Doksuri, which is known as Maring, affected the Philippine archipelago of Luzon as a tropical storm. Shortly after when PAGASA began monitoring on the system, they already raised a Storm Signal Warning #1 over in the Southern Luzon portion, including provinces of Camarines Sur and Aurora on September 11. Hours later, Signal Warning #1 was expanded to as west as Metro Manila, as north as Pangasinan and La Union, while every province in Central Luzon (Region III) was in that area. Moreover, local government units declared class suspensions to many places, especially in the capital region and the province of Bulacan for Tuesday, September 12. Domestics flights were already canceled from Ninoy Aquino International Airport while bus trips were canceled in the Quezon-Aurora area. After the storm, on September 13, officials in the Cordillera Administrative Region (CAR) had warned residents to refrain from doing outdoor activities over in mountainous areas, especially in Benguet, for possibilities of landslides.

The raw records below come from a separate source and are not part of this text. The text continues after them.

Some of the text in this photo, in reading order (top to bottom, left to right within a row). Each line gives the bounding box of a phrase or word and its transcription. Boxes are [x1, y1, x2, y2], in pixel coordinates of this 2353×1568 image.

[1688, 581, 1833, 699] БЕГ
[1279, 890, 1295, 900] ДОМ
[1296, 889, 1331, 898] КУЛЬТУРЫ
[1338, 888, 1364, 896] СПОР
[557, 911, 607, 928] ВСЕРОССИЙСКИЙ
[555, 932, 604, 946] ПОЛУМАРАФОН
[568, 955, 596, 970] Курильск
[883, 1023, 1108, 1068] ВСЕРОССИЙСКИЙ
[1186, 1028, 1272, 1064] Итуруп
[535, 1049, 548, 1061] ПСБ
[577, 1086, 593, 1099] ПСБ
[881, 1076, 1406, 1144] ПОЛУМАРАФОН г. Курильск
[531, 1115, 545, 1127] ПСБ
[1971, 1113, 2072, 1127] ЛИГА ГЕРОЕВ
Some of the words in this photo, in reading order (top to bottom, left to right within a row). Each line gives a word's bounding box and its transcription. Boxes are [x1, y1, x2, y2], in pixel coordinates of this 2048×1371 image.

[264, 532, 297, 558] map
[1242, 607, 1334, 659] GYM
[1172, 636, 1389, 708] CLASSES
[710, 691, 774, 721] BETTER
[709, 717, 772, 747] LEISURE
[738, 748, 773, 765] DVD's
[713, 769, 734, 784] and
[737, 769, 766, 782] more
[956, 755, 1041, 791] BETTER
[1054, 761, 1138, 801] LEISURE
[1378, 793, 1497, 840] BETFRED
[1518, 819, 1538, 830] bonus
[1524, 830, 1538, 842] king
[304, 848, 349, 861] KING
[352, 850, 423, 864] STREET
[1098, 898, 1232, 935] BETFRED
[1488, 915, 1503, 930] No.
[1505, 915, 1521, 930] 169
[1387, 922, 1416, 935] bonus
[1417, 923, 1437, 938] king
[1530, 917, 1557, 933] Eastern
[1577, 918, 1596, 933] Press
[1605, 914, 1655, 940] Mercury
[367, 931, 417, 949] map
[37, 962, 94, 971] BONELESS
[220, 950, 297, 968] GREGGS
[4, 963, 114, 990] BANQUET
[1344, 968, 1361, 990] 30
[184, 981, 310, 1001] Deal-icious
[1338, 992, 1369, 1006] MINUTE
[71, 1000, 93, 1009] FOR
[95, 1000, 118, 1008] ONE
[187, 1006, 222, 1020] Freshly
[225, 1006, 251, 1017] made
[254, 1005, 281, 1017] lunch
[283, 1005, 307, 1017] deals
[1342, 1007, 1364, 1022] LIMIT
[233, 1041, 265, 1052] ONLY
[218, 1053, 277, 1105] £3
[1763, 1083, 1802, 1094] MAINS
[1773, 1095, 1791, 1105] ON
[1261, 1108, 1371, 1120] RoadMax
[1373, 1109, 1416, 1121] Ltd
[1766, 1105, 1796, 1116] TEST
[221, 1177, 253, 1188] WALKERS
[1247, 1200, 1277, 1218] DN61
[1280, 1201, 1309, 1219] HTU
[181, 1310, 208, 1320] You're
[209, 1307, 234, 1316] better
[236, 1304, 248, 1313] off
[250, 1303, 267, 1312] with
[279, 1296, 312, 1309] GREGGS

Laguna was one of the provinces that got hit hard by the storm as the city was placed under a state of calamity after it had "too much rainfall" that produced further flash floods and landslides. Malacañang had provided ₱650 million (US$12.8 million) worth of relief goods and funds for victims while the Department of Health (DoH) had offered ₱20 million (US$393,000) of supplies for provinces from Cagayan Valley (Region II) down to Bicol (Region V). Over in the Quezon province, three buses and a car were stranded in flooded streets and the 25 passengers in one bus were rescued later that day. Quezon officials deployed rescue boats and military trucks the rescue efforts while the Philippine Army's 2nd Infantry Division has deployed a rescue team in Calabarzon. About 1,857 families or 7,549 people were staying in 116 evacuation centers over in Laguna and Quezon. At least 2,103 families or 8,794 persons were affected in 109 barangays in the regions of Central Luzon, Metro Manila and the Calabarzon. The Department of Social Welfare and Development (DSWD) allocated a total of ₱577.8 million (US$11.3 million) as standby funds for affected families while 18,000 food packs were prepositioned.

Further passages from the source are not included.